The U.S. investigators stated that Lotfi had invited them to his storage space in Jersey City, NJ, to avoid the suspicion that the antiquities were stolen. However, Lofti has denied this claim.
Several artifacts have been seized by the Art Trafficking Unit (ATU) of the New York District Attorney’s office, namely 24 antiquities, 23 of which are Lebanese and Syrian mosaics, as well as the Palmyra Stone (a 680-kilogram limestone sculpture), which is believed to originate from the ancient Syrian city.
According to the affidavit, each item is believed to range between $20,000 to $2.5 million.
The antiquities were sanctioned by the Lebanese government and were purchased from licensed dealers, Lofti said to the New York Times.
In the past, Lotfi assisted the Antiquities Trafficking Unit (ATU) with high-profile cases such as helping them confiscate a first century BCE “Coffin of Nedjemankh” in 2019 from the Metropolitan Museum of Art.

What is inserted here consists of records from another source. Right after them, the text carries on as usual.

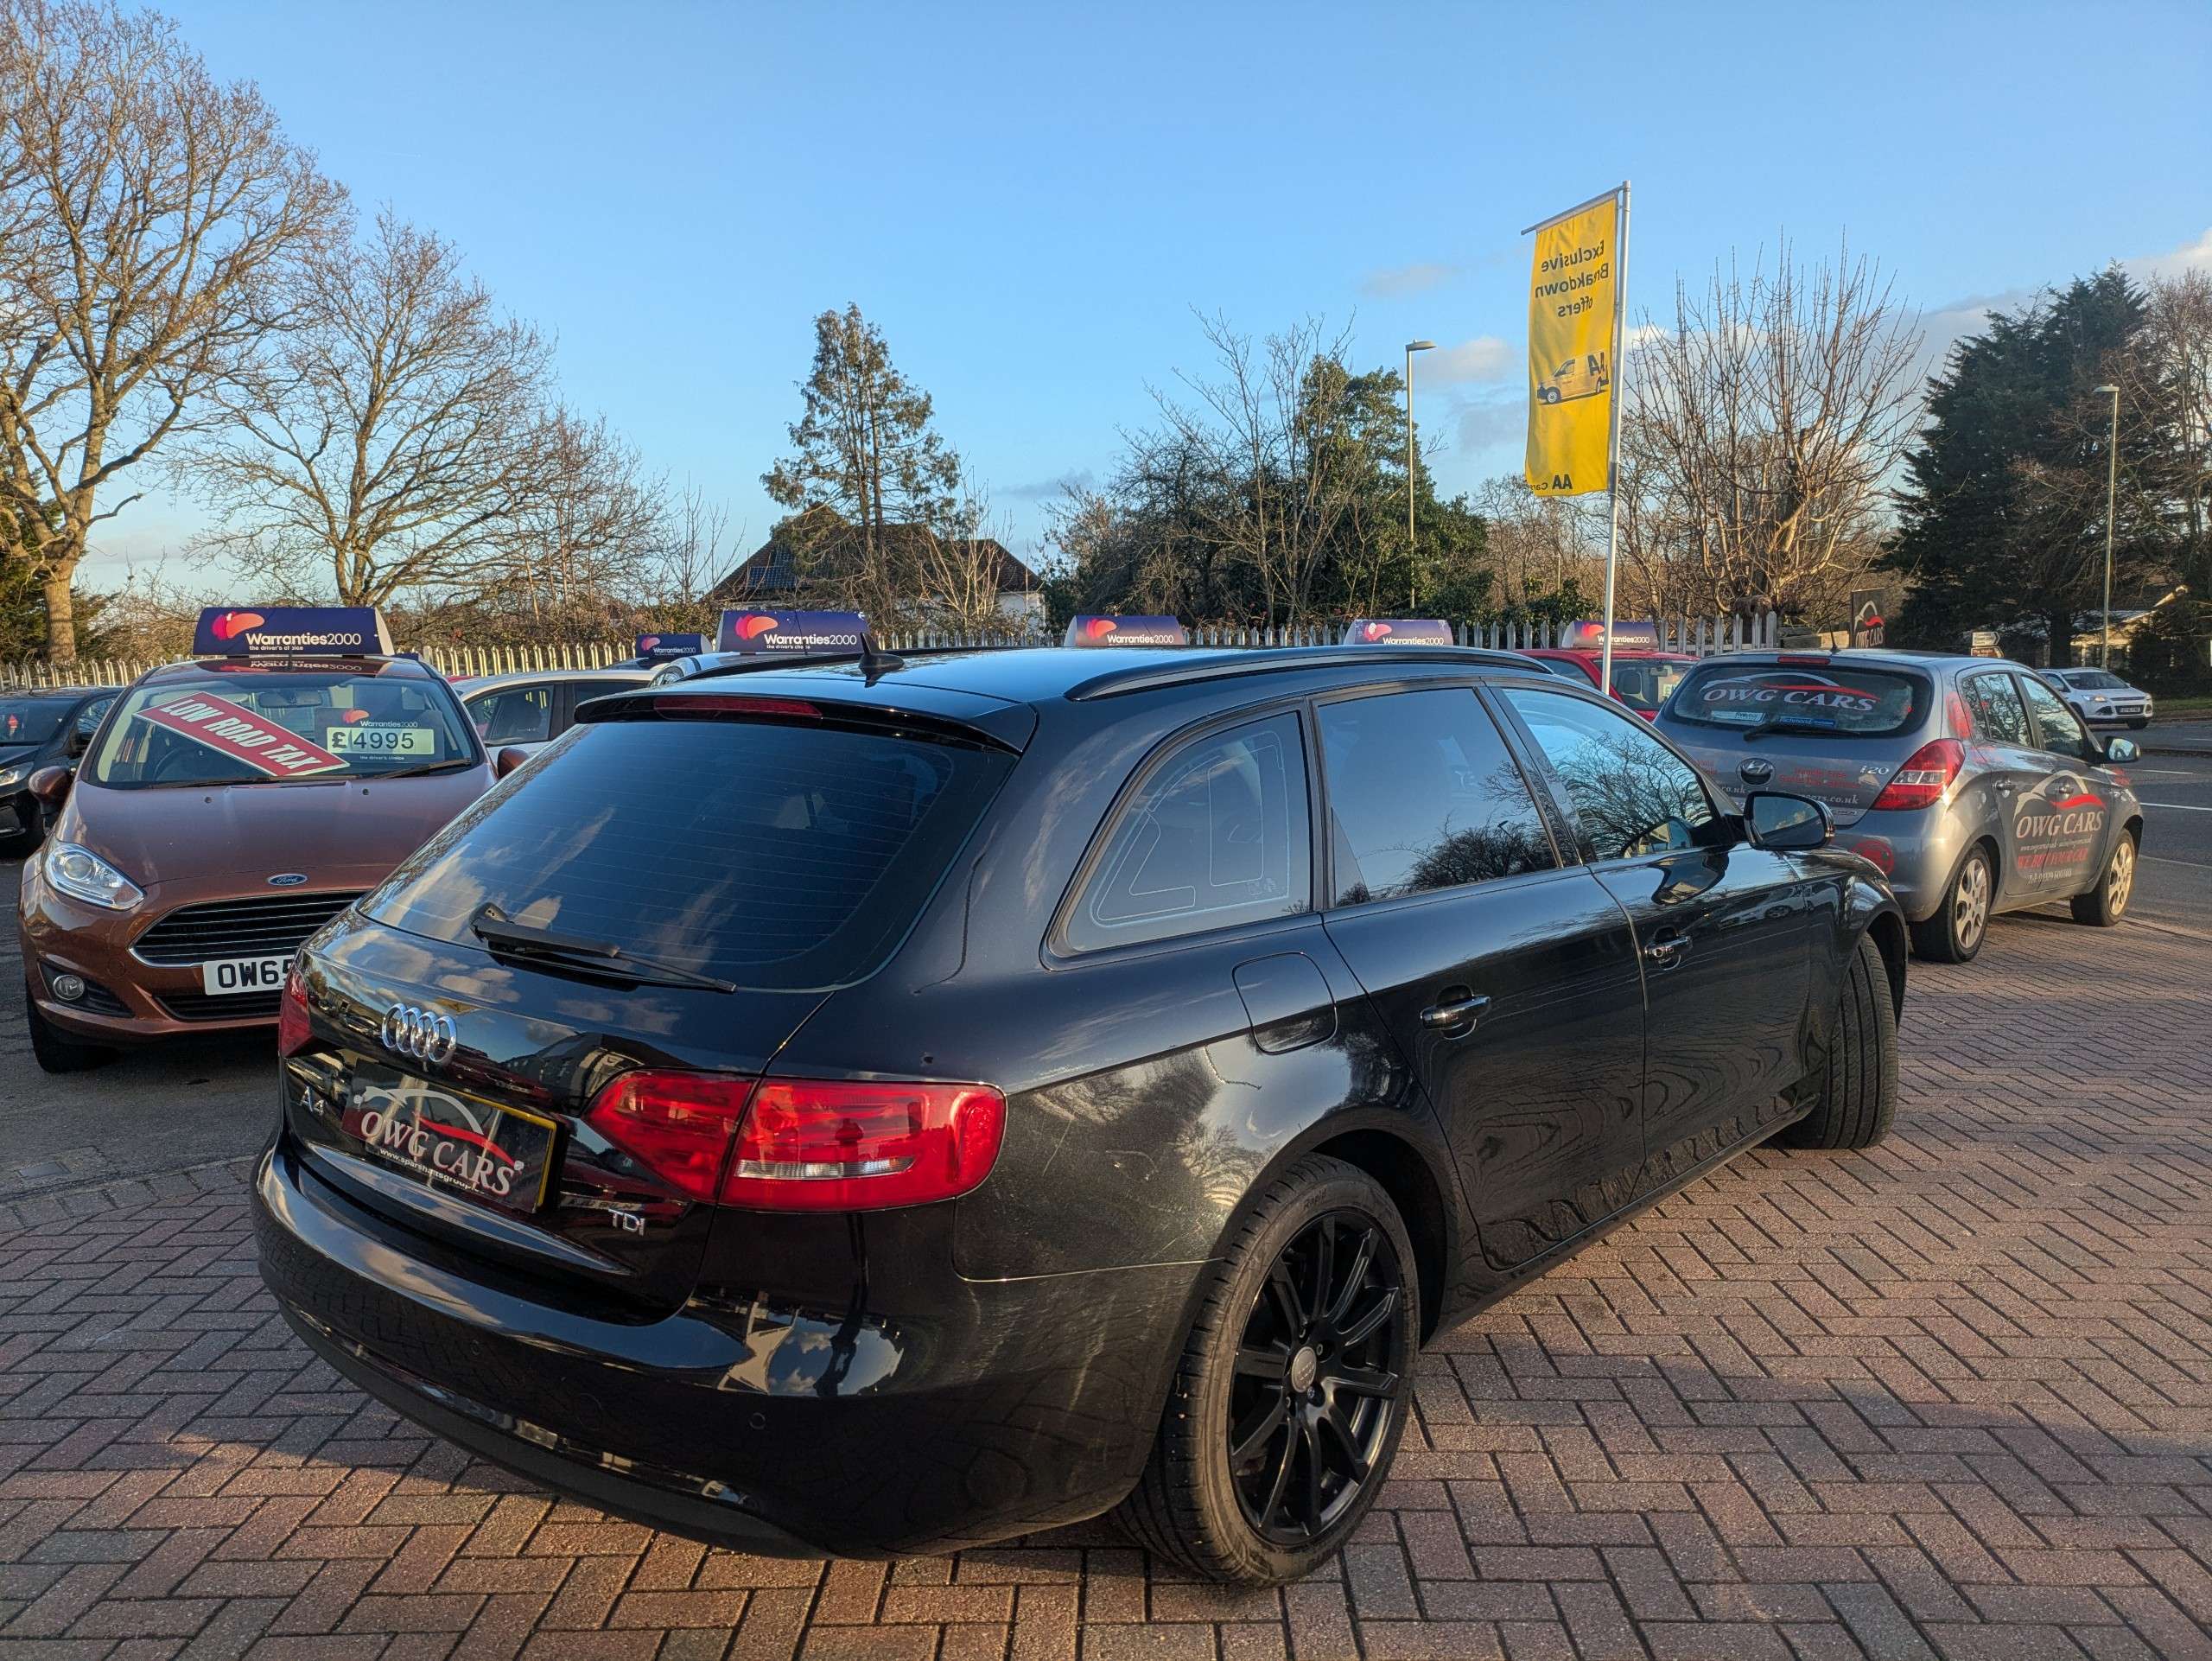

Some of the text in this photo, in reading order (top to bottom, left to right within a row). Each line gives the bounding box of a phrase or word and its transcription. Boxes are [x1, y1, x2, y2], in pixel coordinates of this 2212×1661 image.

[245, 632, 361, 646] Warranties2000
[763, 633, 857, 645] Warranties2000
[1107, 633, 1174, 644] Warranties2000
[1382, 637, 1445, 646] Warranties2000
[1597, 634, 1650, 644] Wranties2000
[1703, 689, 1877, 711] OWG CARS
[160, 698, 323, 770] LOW ROAD TAX
[2016, 811, 2104, 838] OWG CARS
[276, 875, 298, 884] Ford
[298, 1085, 325, 1116] A4
[360, 1111, 516, 1197] OWG CARS
[607, 1208, 645, 1237] TDI

As a result of that case, the ATU is currently investigating $56 million of looted antiquities from Egypt that have been sold to the Met and the Louvre Abu Dhabi.
Homeland Security agent Robert Mancene stated in the affidavit that Lotfi “has demonstrated not only his intimate knowledge of the illegal trade in antiquities from the Middle East and North Africa but also his acute awareness of the hallmarks of looted antiquities from his extended involvement in buying, selling, or otherwise dealing in antiquities—thereby revealing to me his awareness of the stolen nature of his own antiquities.”
Lotfi told the New York Times, “I was fighting with them for 10 years to stop illicit trading, and they turned against me.”